Without the pictures, set down everything in the listing exactly.

[[ Data supplied open ]]

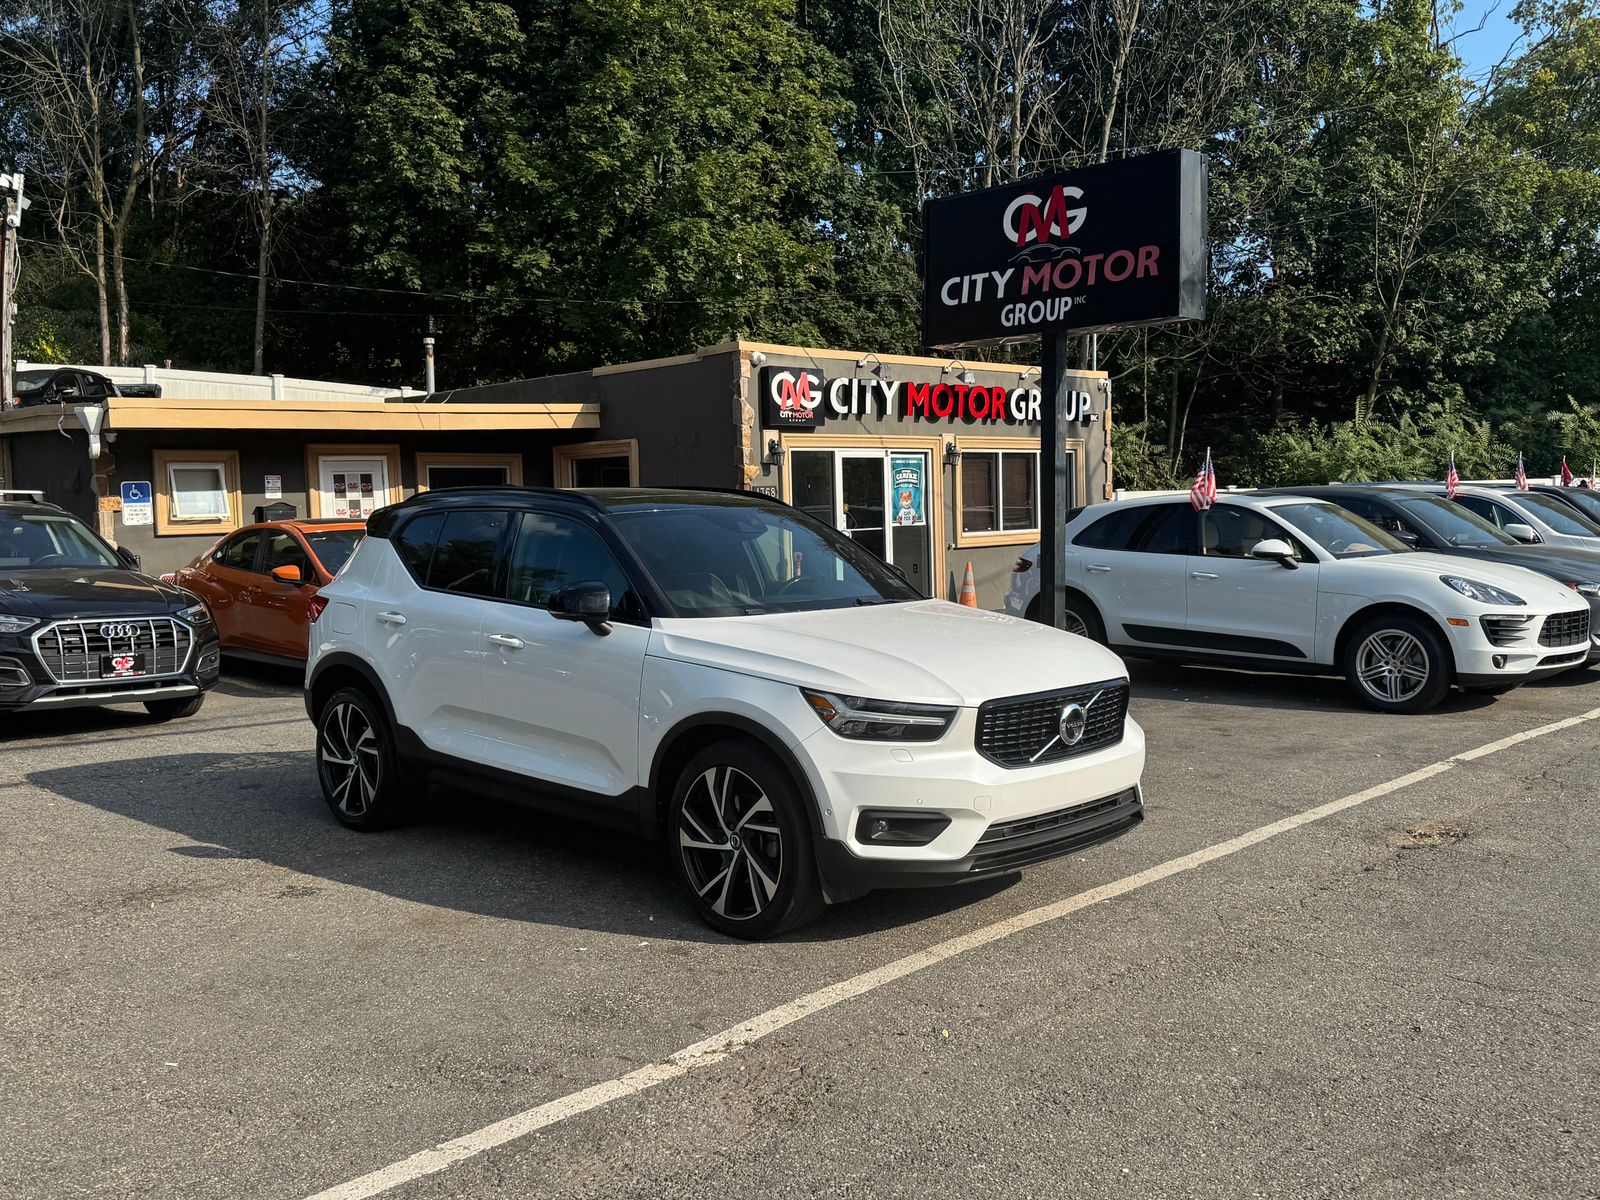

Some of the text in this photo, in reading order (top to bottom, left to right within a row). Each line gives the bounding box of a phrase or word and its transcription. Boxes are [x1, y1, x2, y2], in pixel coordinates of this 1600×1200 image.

[941, 245, 1160, 306] CITY MOTOR
[1000, 295, 1087, 327] GROUP INC
[830, 377, 900, 416] CITY
[907, 381, 1006, 420] MOTOR
[1010, 388, 1091, 422] GRUP
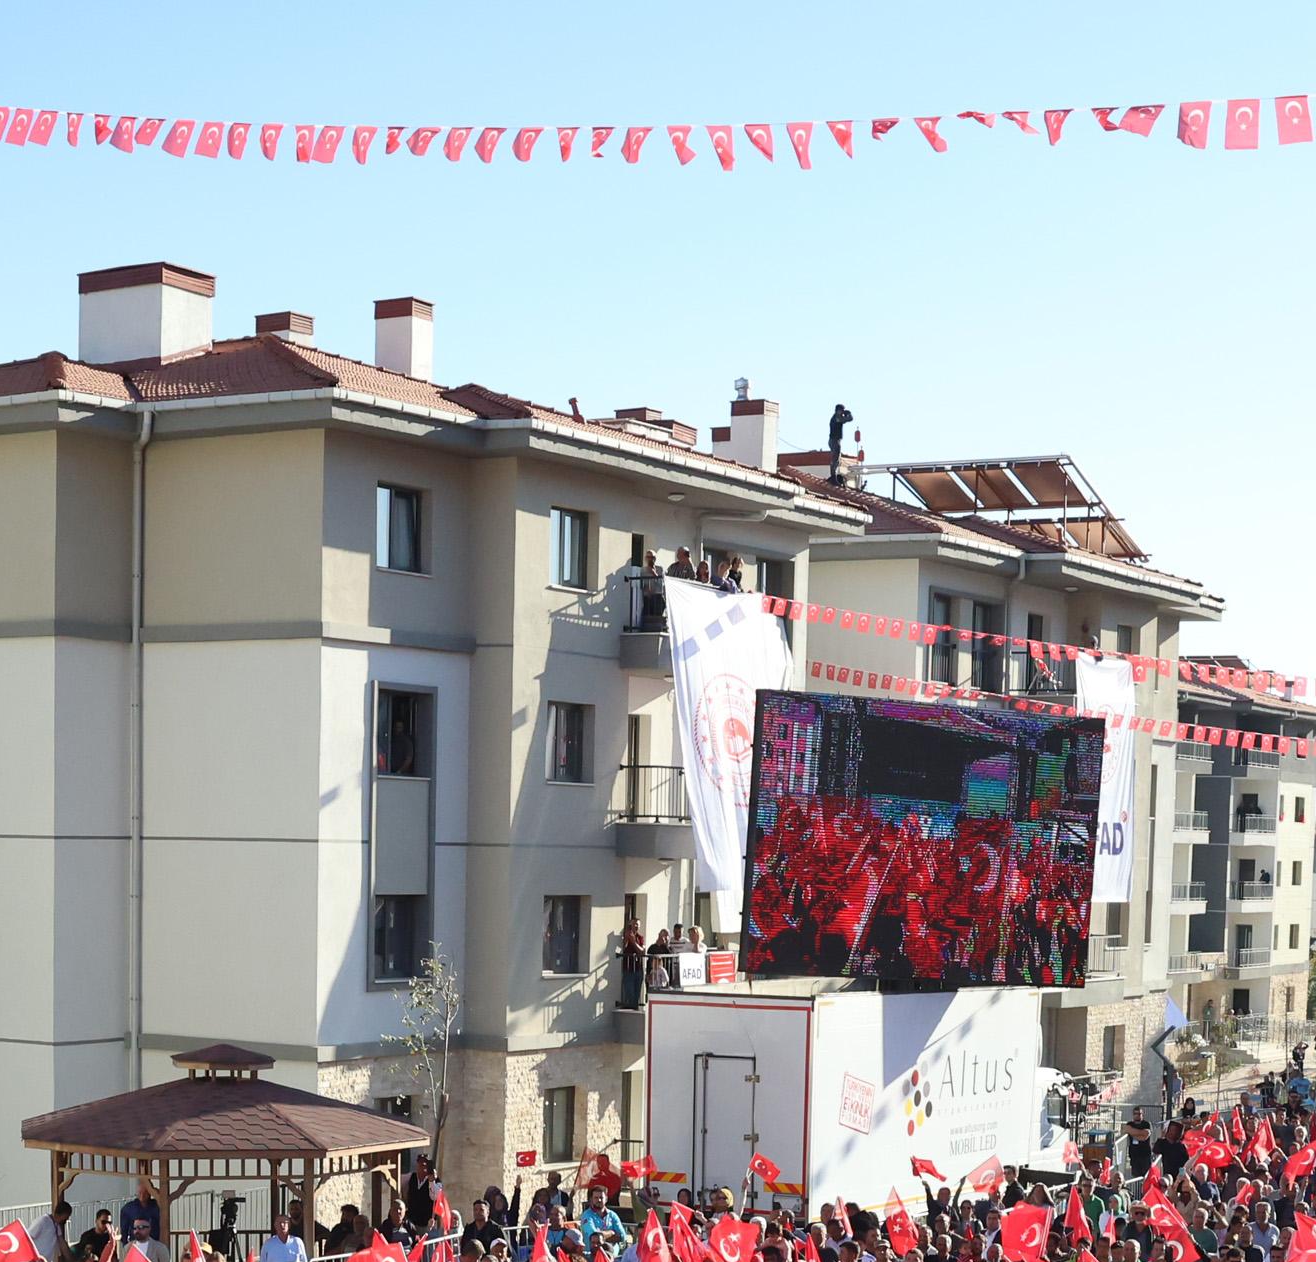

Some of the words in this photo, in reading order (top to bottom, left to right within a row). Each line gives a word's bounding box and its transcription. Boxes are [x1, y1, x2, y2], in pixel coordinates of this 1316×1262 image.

[683, 968, 702, 980] AFAD
[939, 1050, 1014, 1099] Altus
[980, 1134, 997, 1151] LED

[[ Data supplied closed ]]

_Answer_
Some of the text in this photo, in reading order (top to bottom, left to right within a row). Each line gives the bounding box of a phrase or word and its transcription. Boxes are [x1, y1, x2, y2], in pixel coordinates of this 1600×1200 image.

[941, 245, 1160, 306] CITY MOTOR
[1000, 295, 1087, 327] GROUP INC
[830, 377, 900, 416] CITY
[907, 381, 1006, 420] MOTOR
[1010, 388, 1091, 422] GRUP

Some of the words in this photo, in reading order (top to bottom, left to right within a row). Each line gives a word's bounding box and its transcription. Boxes are [x1, y1, x2, y2], in pixel coordinates of this 1316×1262 image.

[683, 968, 702, 980] AFAD
[939, 1050, 1014, 1099] Altus
[980, 1134, 997, 1151] LED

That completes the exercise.